Sunday, February 20, 2011

I Really Need to Get an Apron Part 1: To C or not to C?

This is Part 1 of a three part series










We are going to divert from our usual tales and escapades of the hardwood and discuss some of the off the court endeavors I have immersed myself in on a day to day basis (doesn't that sound like such an efficient sentence?)



















One thing that has been suggested to me from an early age was saving money was important.












And when I say taught...I mean that I was required by the authorities in charge (mom and dad), to save 2 out of the 3 dollars in my weekly allowance.  (For those who arent math majors, thats about 4 dollars a month.  Big ballinnnnnnnnn)

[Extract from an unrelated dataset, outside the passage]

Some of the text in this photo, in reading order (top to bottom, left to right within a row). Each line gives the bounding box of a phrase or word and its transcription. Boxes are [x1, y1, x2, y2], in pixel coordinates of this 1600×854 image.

Needless to say I have been very picky about what I spend my money on.  From clothes, to food, to making sure I get into big fights with my friends around there birthdays so I dont have to buy them anything, I have learned efficient ways of saving money (surprisingly not for keeping friends...weird)

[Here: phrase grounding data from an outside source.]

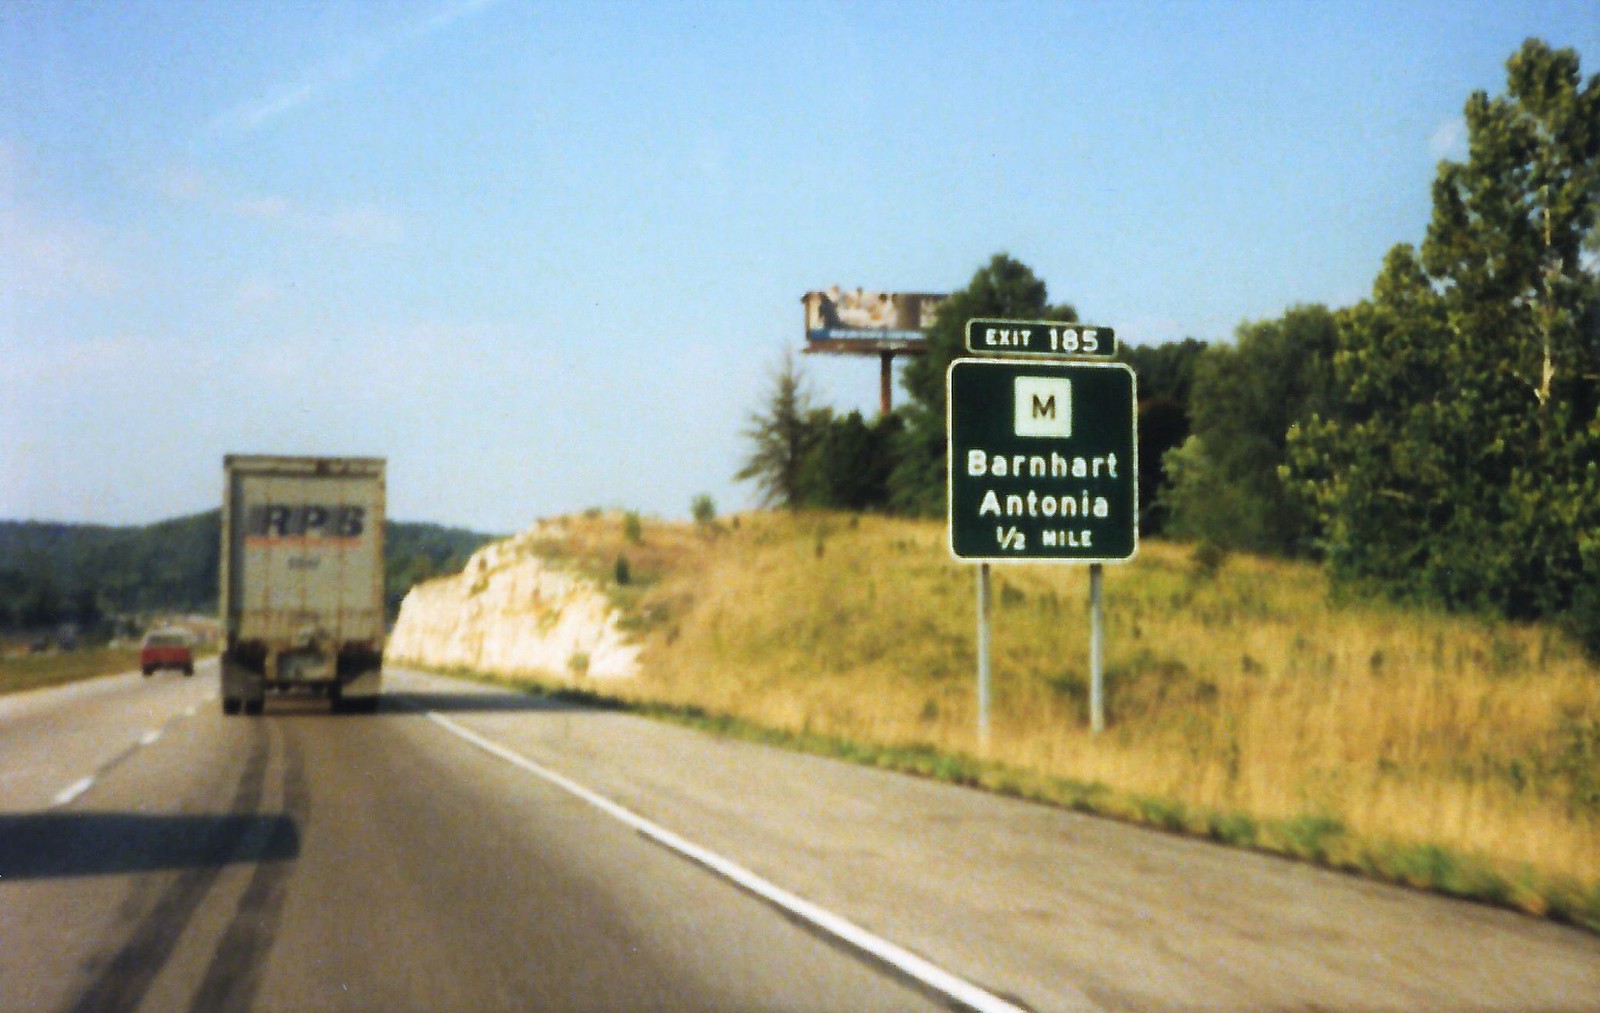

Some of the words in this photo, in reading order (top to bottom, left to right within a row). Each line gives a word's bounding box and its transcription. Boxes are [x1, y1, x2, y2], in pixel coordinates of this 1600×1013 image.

[985, 328, 1031, 346] EXIT
[1049, 328, 1099, 352] 185
[1032, 394, 1056, 419] M
[967, 449, 1118, 478] Barnhart
[979, 489, 1109, 518] Antonia
[250, 505, 365, 537] RPS
[1042, 529, 1092, 547] MILE

So when I did some research on Sweden I quickly learned to my dismay that this beautiful country I would be spending 5 months in is also one of the most expensive countries to live in.
















I shed a tear.

















I soon realized that I would need to find different ways to save money.  When I heard that you wont find a lunch meal for under 10 dollars and dinner under 15 I knew that eating out was not an option for regular occurrences.  I was going to have to learn to make my food.

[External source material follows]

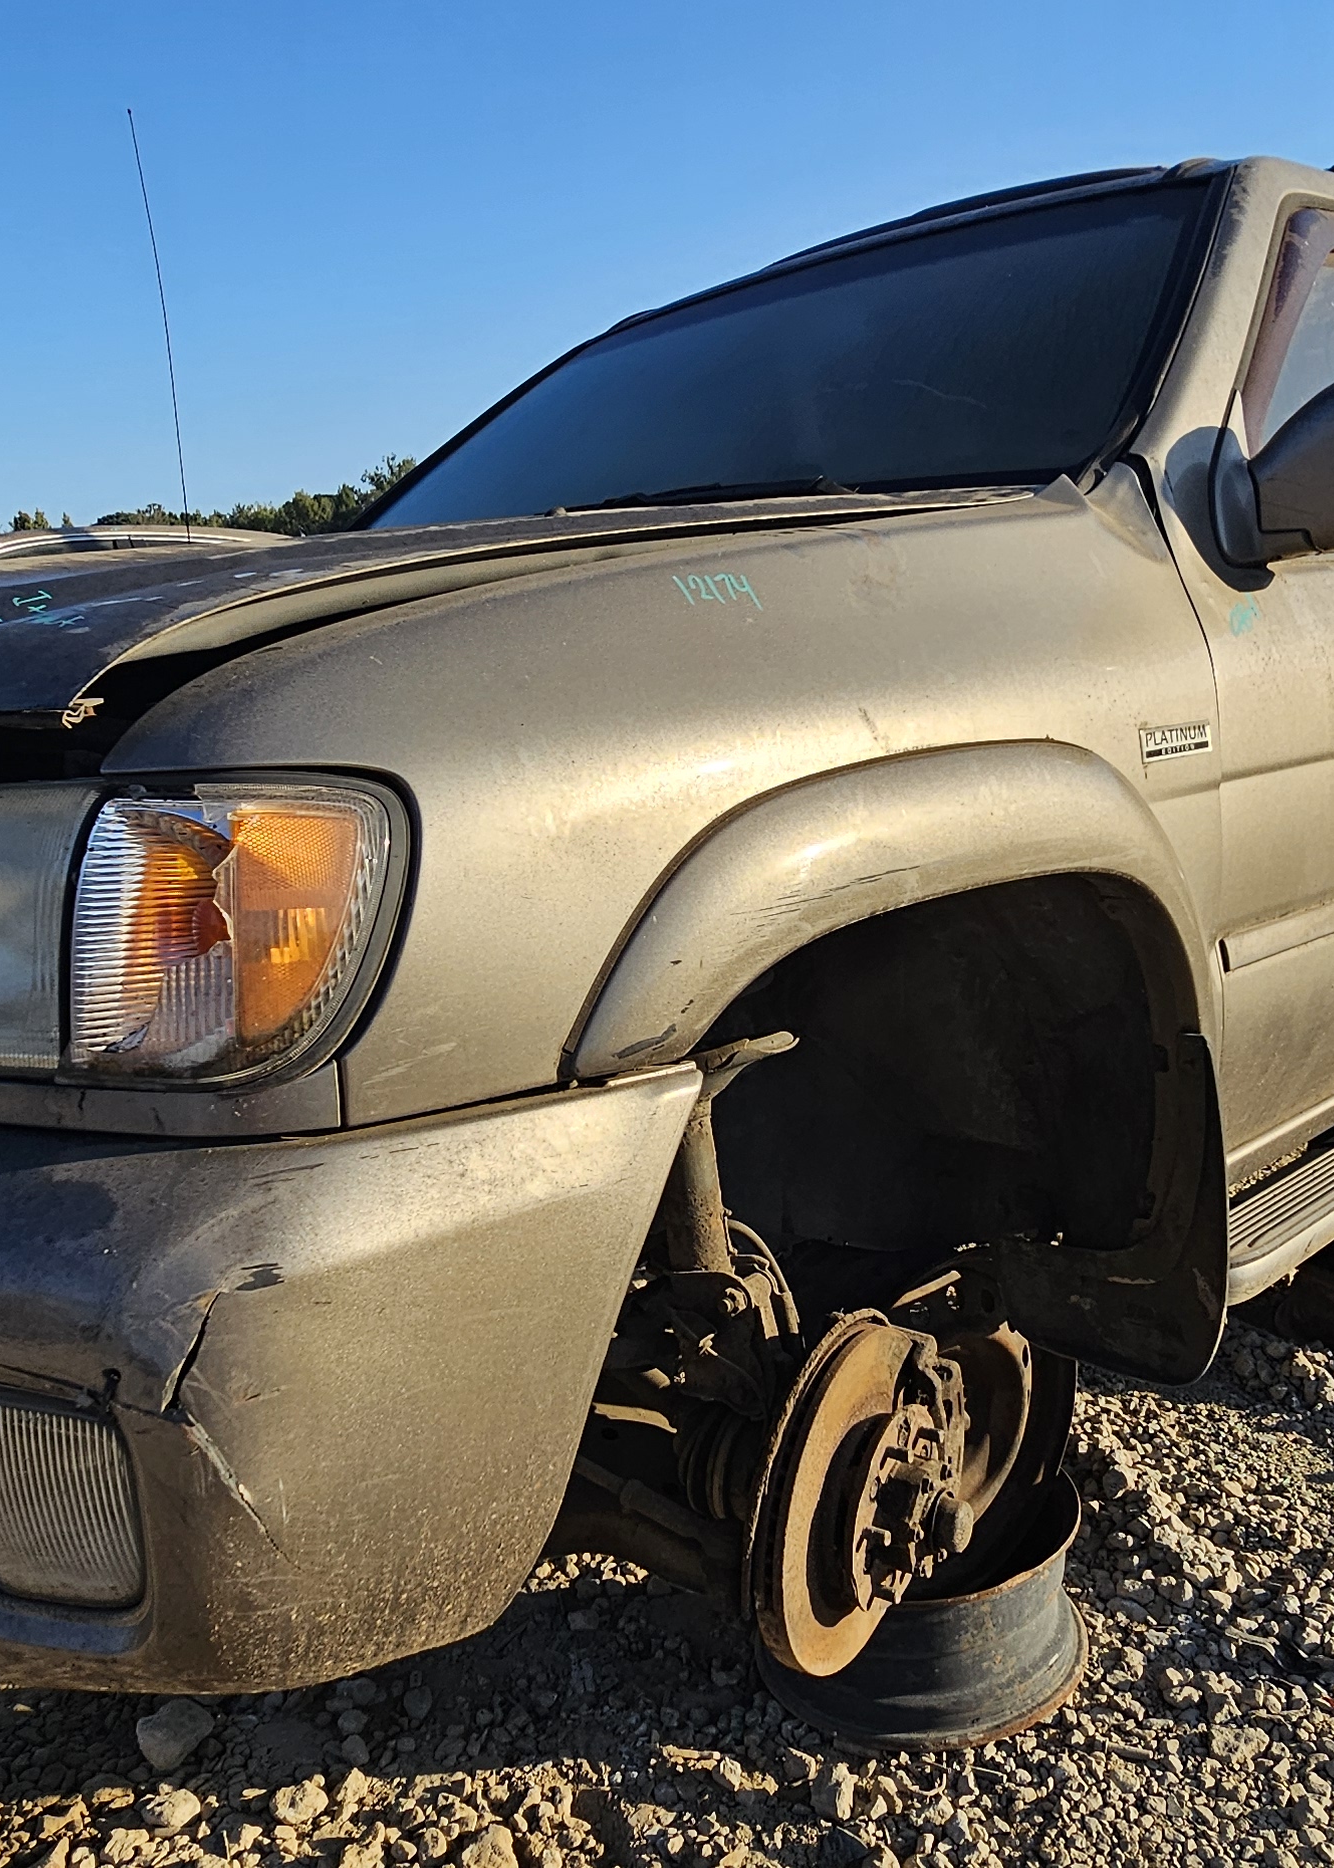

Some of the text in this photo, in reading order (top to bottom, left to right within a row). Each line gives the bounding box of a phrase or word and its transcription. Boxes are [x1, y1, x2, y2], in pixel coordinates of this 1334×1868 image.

[671, 572, 764, 612] 12174
[1145, 723, 1208, 748] PLATINUM
[1161, 743, 1196, 755] EDITION

Side Note:  There are two types of professional basketball players:

1.)  Those you see on TV that have enough money to buy a house in each state

2.)  Those that deliver pizzas in the summer


I won't tell you which one I am but there is only one house in one state that I own, and when I say I own, I mean my parents.
















Now I have survived on my own before.  Just give me a microwave and it will be a normal cooking experience for me....
















When have I blogged about anything normal?
















Of course there is no microwave.
















I was going to have to learn how to cook...from scratch.
















My mother gives me a few recipes to start me off and I go to the store and get all the ingredients that ill need to make my first home cooked meal.


















Chicken and Rice.
















Everything in the preparation seems to be going smoothly and I head to the oven to put the chicken in.  I need the oven preheated to 350 but I notice that it only goes up to 275.









Weird.












Not to be deterred I decide to just do it at 275 for longer time so that it will cook just the same.












I also notice that the oven was slower to heat up than a geriatric driver making a U-turn at a busy intersection.













After it preheats I put the chicken in and go back to watching Monsters Inc. (what? its a classic)
















As you have read in many of my previous blogs I tend to randomly switch topics and go on about things that usually have nothing to do with my current course of thought.  In this one instance it saved what would have certainly been charred chicken.  I will try to document my thought process.














What I see:

Monsters Inc characters Sully and Mike Wazowski walking outside in the warm sun






1.) Man I wish it wasn't so cold here





2.) What is the temperature here?





3.) hmm my thermometer says -7 but thats in celsius and that means nothing to me





4.) Man everything is in Celsius here





5.) wait...if everything is in Celsius then that means...
























Oh....Crap....


















Now when I get a sudden burst of unexpected stress I tend to just act on the FIRST thought that comes into my head. This usually works well for me unless I have two ideas pop into my head at once.













But that rarely happens...





















At this point in time two ideas popped into my head.









The First:


OMG OMG MY CHICKEN IS ON FIRE







The Second:




hey I wonder how much 275 degrees actually is?
















When I reached this epiphany and formulated my thoughts I was sitting on my couch.  My body then decide to act...















On both....















I got up to run to the kitchen as I was reaching for my computer to type in the calculation.
















All of this would have been fine if my left foot (heading to the kitchen) didnt get caught in the computer cord and my right foot (heading for the computer) didnt step on my rug.


















All I'm going to say is even gymnast would have been impressed at what happened next.

















I hobble to the kitchen just after I convert 275 degrees CELSIUS to 527 DEGREES FAHRENHEIT.
















Basically I sent my chicken to hell.


















Fortunately it was only for a few minutes and I managed to turn down the heat to a more chicken friendly temp of 175C (roughly 350)



















After that semi-dramatic episode everything else seemed to go smoothly and after an hour or so my first meal was made.


















Not bad for a basketball player right?










This meal unleashed the beast.  I soon became at one with the kitchen.  But this blog is long enough.  My next entry in this three part series will show my recent conquests.








Until then.

1 comment:

  1. Adam, I had something similar happen to me in Paris, France. I put both white clothes and dark clothes in a washer to wash. Unlike most washers, this washer had a dial with degree numbers on it to set temperature settings with.

    I saw 60 and I thought, "Oh, 60 degrees isn't so bad." So I set my wash to 60 degrees and sat back.

    Halfway through the load, I realized, "You IDIOT! That's 60 degrees CELSIUS, not FARENHEIT!!"

    I spent the rest of my vacation wearing light-colored items that had a gray sheen on them.